Recent attacks on the First Amendment have fueled people all the way down the chain of command. We are being betrayed by the officials who are supposed to protect us, the people sworn to the Constitution who should know better. The FCC is not supposed to regulate speech and yet it has become a nightmare of incompetence and oppression of human rights. You miss Stephen Colbert The Late Show? Thanks to the Trump administration, which is now using a mob-like patronage system that has alarmed the billionaire executives who own America’s broadcast networks. Or ask Jimmy Kimmel, who took to the airwaves after conservatives lashed out at his soft-spoken comments about Charlie Kirk, a man who has spent his time poisoning our national discourse without the grace or intelligence used by national talk show hosts.

The Trump administration in general has an incredibly disruptive record on free speech, from science to the operation of the largest social networks. Donald Trump insults anyone who does not bow to him, and the list of his victims is too long to count. But here’s the bottom line: The president once threatened to arrest Meta CEO Mark Zuckerberg for life. Zuckerberg is richer and more powerful than Trump in many ways, but what has he done? Two years after the threat, Zuckerberg appeared on the White House lawn to celebrate Trump’s UFC fight show. He spoke in a loud voice.

This is what makes everything beautiful. We live in an age dominated by social media that is so rich, powerful, and ubiquitous that it seems unstoppable by the US government, but ironically still has to go along with a government that doesn’t really respect it or theirs free speech. Trump once threatened to blow up the entire internet because he wanted platforms to be hacked for his own benefit. The CEOs of those companies still entertain him with compliments and photos.

This blurring of public and private interests has fueled the funhouse-mirror view of the “culture of free speech” ie actually designed to violate free speech. The loudest people who complain about the culture of free speech are pretending theirs it is not the most liberal in history, while it is supportive at the same time the original government inspections, such as book bans.
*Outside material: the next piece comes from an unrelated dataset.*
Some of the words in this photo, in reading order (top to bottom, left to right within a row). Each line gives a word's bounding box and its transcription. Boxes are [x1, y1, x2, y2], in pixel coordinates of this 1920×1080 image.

I can’t say it better than Ken White, so just go read him on this point. White describes how the “culture of free speech” has encouraged the Trump administration and others to engage in real-life investigations. “When enough people think that all free speech—including free speech—is nonsense, then free speech rights will not be exercised,” he writes.
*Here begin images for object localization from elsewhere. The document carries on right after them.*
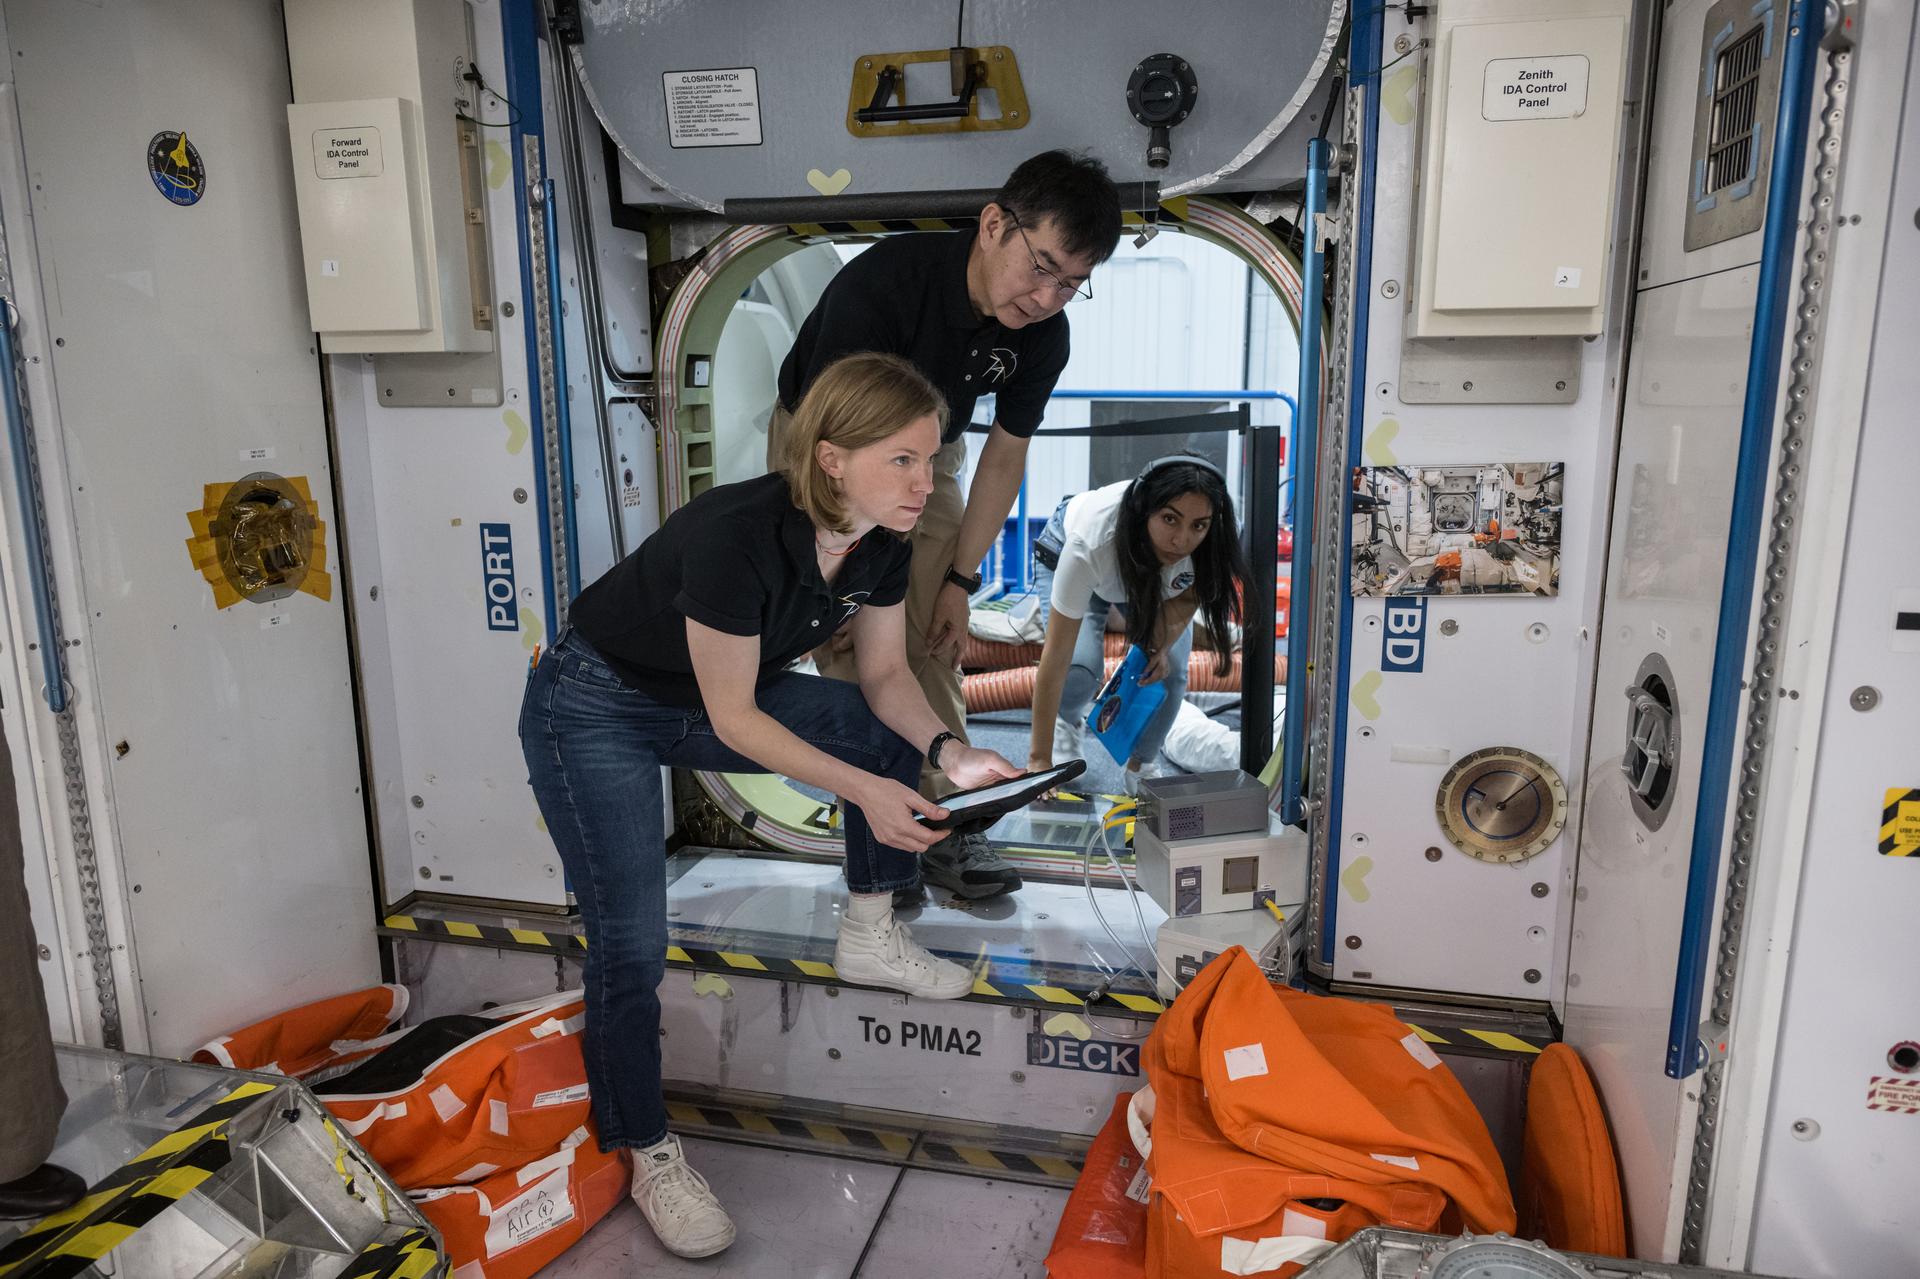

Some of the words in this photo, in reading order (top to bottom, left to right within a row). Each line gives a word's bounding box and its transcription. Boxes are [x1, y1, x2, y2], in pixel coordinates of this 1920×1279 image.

[682, 74, 713, 83] CLOSING
[1518, 70, 1553, 80] Zenith
[1503, 85, 1523, 94] IDA
[1526, 83, 1567, 94] Control
[1518, 97, 1549, 108] Panel
[332, 138, 361, 147] Forward
[342, 149, 368, 157] Control
[484, 528, 516, 626] PORT
[858, 1016, 890, 1045] To
[902, 1020, 981, 1056] PMA2
[1038, 1038, 1136, 1073] DECK
Our constitutional punchbowl is inspired by lunatics who benefit from confusion about our rights and the law. It doesn’t have to be this way. Just remember: The First Amendment is a ban on the government that prevents it from to forbid your speech.

In addition: The real test is the government’s suppression of speech. It is understandable that we are confused about what research is because there are many people who have worked hard to keep us confused. A social media platform that manages your posts it’s not research – it’s actually free speech. Yes, that sounds completely absurd, but it’s true. Another is a situation where the government forces private citizens to publish content they do not want, including hate speech.
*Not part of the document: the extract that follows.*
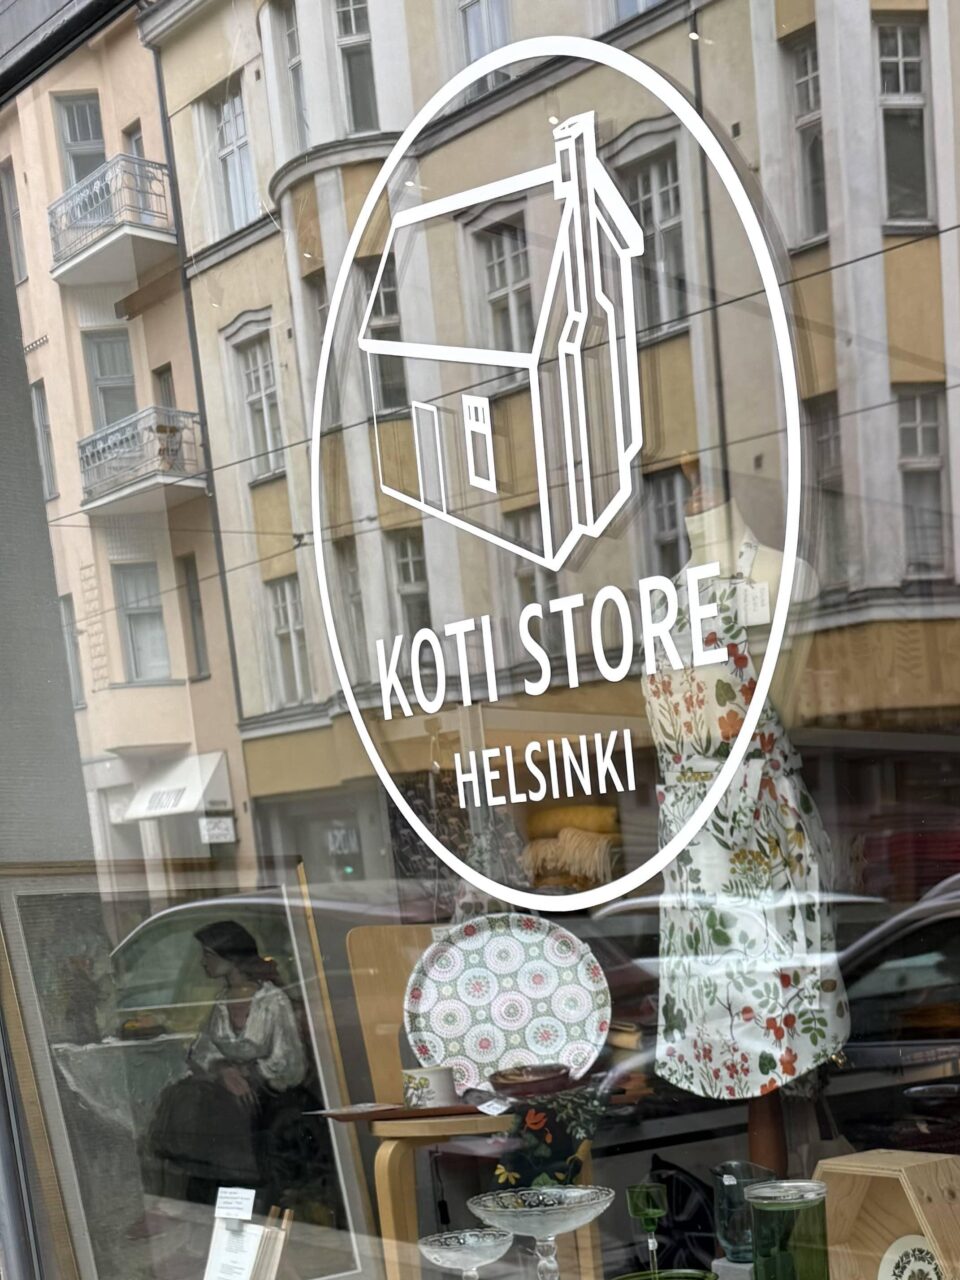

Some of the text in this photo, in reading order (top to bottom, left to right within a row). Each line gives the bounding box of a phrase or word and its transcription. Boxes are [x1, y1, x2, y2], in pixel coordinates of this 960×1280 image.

[376, 561, 729, 720] KOTI STORE
[454, 729, 636, 809] HELSINKI
There is much left unsaid here, including the history of pain and suffering that has kept the First Amendment and our broader rights alive. I will not say that I know what is being fixed in our current issue, but I will say that I really hate it when our leaders say things like “this is not who we are” when they speak. directly through the things that define who we are. And part of who we are is a coalition that claims to want free speech in theory while at the same time suppressing it in practice.

So what can you do? Yes, of course, vote. But there is still much to do. Write or call your congresspeople (I promise this matters). Get involved of the area Elections, especially for school boards, are at the forefront of book bans. And if you’re reading this, thanks for subscribing — but please consider supporting other newsrooms.